Exercise instructions — All the records below must be returned exactly as they stand.
= = =
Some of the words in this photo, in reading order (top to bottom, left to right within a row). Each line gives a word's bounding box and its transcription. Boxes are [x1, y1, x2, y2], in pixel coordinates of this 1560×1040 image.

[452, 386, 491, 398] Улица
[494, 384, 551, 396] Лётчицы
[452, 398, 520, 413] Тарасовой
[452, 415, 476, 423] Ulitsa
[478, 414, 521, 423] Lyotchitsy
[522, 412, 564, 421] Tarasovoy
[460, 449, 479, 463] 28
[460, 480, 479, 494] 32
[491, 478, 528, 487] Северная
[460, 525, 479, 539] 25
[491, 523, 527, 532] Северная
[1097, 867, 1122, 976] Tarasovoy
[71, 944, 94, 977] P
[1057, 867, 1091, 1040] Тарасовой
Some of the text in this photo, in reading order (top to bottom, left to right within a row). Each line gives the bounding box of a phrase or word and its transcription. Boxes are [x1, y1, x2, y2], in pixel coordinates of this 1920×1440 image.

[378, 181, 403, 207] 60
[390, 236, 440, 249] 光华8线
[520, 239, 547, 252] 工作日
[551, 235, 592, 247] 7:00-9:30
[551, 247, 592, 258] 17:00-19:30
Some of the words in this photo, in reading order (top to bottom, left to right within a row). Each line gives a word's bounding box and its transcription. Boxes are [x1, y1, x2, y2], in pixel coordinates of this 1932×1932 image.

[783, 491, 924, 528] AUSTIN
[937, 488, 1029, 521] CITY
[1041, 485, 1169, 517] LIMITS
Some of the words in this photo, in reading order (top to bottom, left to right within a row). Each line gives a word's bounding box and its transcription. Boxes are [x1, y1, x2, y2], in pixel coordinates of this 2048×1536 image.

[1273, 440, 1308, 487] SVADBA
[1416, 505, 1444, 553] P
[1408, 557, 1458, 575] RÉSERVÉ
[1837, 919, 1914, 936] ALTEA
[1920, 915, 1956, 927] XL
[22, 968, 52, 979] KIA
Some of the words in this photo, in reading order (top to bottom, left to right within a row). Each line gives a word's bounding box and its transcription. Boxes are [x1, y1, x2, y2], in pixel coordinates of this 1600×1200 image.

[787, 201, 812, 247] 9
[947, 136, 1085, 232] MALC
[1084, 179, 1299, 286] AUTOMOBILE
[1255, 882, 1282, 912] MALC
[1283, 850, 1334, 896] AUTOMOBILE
= = =
Answer box —
Some of the words in this photo, in reading order (top to bottom, left to right within a row). Each line gives a word's bounding box and its transcription. Boxes are [x1, y1, x2, y2], in pixel coordinates of this 1560×1040 image.

[452, 386, 491, 398] Улица
[494, 384, 551, 396] Лётчицы
[452, 398, 520, 413] Тарасовой
[452, 415, 476, 423] Ulitsa
[478, 414, 521, 423] Lyotchitsy
[522, 412, 564, 421] Tarasovoy
[460, 449, 479, 463] 28
[460, 480, 479, 494] 32
[491, 478, 528, 487] Северная
[460, 525, 479, 539] 25
[491, 523, 527, 532] Северная
[1097, 867, 1122, 976] Tarasovoy
[71, 944, 94, 977] P
[1057, 867, 1091, 1040] Тарасовой
Some of the text in this photo, in reading order (top to bottom, left to right within a row). Each line gives the bounding box of a phrase or word and its transcription. Boxes are [x1, y1, x2, y2], in pixel coordinates of this 1920×1440 image.

[378, 181, 403, 207] 60
[390, 236, 440, 249] 光华8线
[520, 239, 547, 252] 工作日
[551, 235, 592, 247] 7:00-9:30
[551, 247, 592, 258] 17:00-19:30
Some of the words in this photo, in reading order (top to bottom, left to right within a row). Each line gives a word's bounding box and its transcription. Boxes are [x1, y1, x2, y2], in pixel coordinates of this 1932×1932 image.

[783, 491, 924, 528] AUSTIN
[937, 488, 1029, 521] CITY
[1041, 485, 1169, 517] LIMITS
Some of the words in this photo, in reading order (top to bottom, left to right within a row). Each line gives a word's bounding box and its transcription. Boxes are [x1, y1, x2, y2], in pixel coordinates of this 2048×1536 image.

[1273, 440, 1308, 487] SVADBA
[1416, 505, 1444, 553] P
[1408, 557, 1458, 575] RÉSERVÉ
[1837, 919, 1914, 936] ALTEA
[1920, 915, 1956, 927] XL
[22, 968, 52, 979] KIA
Some of the words in this photo, in reading order (top to bottom, left to right within a row). Each line gives a word's bounding box and its transcription. Boxes are [x1, y1, x2, y2], in pixel coordinates of this 1600×1200 image.

[787, 201, 812, 247] 9
[947, 136, 1085, 232] MALC
[1084, 179, 1299, 286] AUTOMOBILE
[1255, 882, 1282, 912] MALC
[1283, 850, 1334, 896] AUTOMOBILE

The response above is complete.